Burrows zeigt, dass Verlegenheiten in anderen Branchen dem Kinosektor vor dem Ersten Weltkrieg Kapitalzuflüsse bescherten, welche die Rentabilität der rasch wachsenden Zahl von Kinos bald in Frage stellten. Letztlich erwies sich die Umstellung des Filmhandels vom freien Kopienverkauf von Kurzfilmen auf den limitierten exklusiven Verleih von langen Filmen als hilfreicher Ausweg: Im Wettstreit der Kinos um das zahlungskräftige Publikum, das seine Entscheidungen für den Kinobesuch selektiv traf, entsprach der Monopolverleih langer Spielfilme der geschäftlichen Notwendigkeit der Kinobetreiber, ihr Filmangebot von dem ihrer lokalen Konkurrenten sichtbar zu unterscheiden.

In den 1910er-Jahren vollzogen die Film- und Kinobranchen aller industrialisierten Staaten einen epochalen Medienumbruch, in dessen Verlauf die abwechslungsreichen Kurzfilmprogramme des frühen Kinos abgelöst wurden von dem bis heute üblichen Format des langen Spielfilms. Die Forschung zu diesem Medienumbruch in Deutschland konzentriert sich auf Filmprogramm und Filmaufführung, also auf den Vertrieb und die Vorführung von Filmen, während Burrows' britische Perspektive die Investitionen in das Geschäftsmittel Kino und die Erwirtschaftung von Renditen in den Blick rückt. Filmprogramm und Filmaufführung behandelt er kursorisch erst am Ende seines Buchs, wo er auf die mangelnde Versorgung der britischen Kinos mit geeigneten Filmen für die Rentabilität der jeweiligen Immobilien zu sprechen kommt.

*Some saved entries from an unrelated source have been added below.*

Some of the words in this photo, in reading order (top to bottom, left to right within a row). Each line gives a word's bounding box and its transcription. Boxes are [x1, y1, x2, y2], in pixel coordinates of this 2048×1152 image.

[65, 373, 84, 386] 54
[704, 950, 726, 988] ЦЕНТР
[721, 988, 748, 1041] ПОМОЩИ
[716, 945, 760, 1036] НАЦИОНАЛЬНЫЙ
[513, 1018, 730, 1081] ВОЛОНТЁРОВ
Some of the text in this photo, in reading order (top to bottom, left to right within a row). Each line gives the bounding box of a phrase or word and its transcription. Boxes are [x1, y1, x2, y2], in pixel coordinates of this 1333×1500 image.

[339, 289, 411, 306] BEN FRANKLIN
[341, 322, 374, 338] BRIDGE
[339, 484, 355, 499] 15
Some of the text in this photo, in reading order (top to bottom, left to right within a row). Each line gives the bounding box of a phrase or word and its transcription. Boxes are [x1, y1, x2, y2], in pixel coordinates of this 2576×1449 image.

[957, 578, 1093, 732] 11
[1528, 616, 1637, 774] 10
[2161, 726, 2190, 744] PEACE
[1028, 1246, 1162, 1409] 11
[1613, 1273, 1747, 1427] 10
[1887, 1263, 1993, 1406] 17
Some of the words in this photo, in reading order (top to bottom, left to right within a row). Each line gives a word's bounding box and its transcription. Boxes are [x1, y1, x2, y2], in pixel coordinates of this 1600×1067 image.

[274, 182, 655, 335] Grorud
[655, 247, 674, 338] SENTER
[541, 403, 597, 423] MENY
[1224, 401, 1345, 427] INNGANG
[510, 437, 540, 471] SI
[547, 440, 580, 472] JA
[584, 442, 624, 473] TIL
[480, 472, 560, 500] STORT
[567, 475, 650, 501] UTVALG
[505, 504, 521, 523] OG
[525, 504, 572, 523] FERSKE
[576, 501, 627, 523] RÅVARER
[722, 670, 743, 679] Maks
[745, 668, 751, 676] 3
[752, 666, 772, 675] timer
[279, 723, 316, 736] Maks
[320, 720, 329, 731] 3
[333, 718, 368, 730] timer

Jon Burrows rekonstruiert und analysiert in seiner umfassend mit empirischen Daten gestützten Wirtschaftsgeschichte überzeugend Ursachen und Verlauf des britischen Kinobooms der Jahre 1909 bis 1914. Neben ihrem enormen Erkenntnisgewinn für die Geschichte der britischen Kinobranche bietet die Studie reichlich Anregungen, um die Akteure aus den verschiedenen Sparten der Filmwirtschaft, ihre Interessen und ihren Anteil an diesem Medienumbruch in Großbritannien sowie darüber hinaus auch in anderen Ländern zu untersuchen.

Anmerkungen:
1 Corinna Müller, Frühe deutsche Kinematographie. Formale, wirtschaftliche und kulturelle Entwicklungen, Stuttgart 1994, S. 29.
2 Joseph Garncarz, Maßlose Unterhaltung. Zur Etablierung des Films in Deutschland 1896-1914, Frankfurt am Main 2010, S. 8.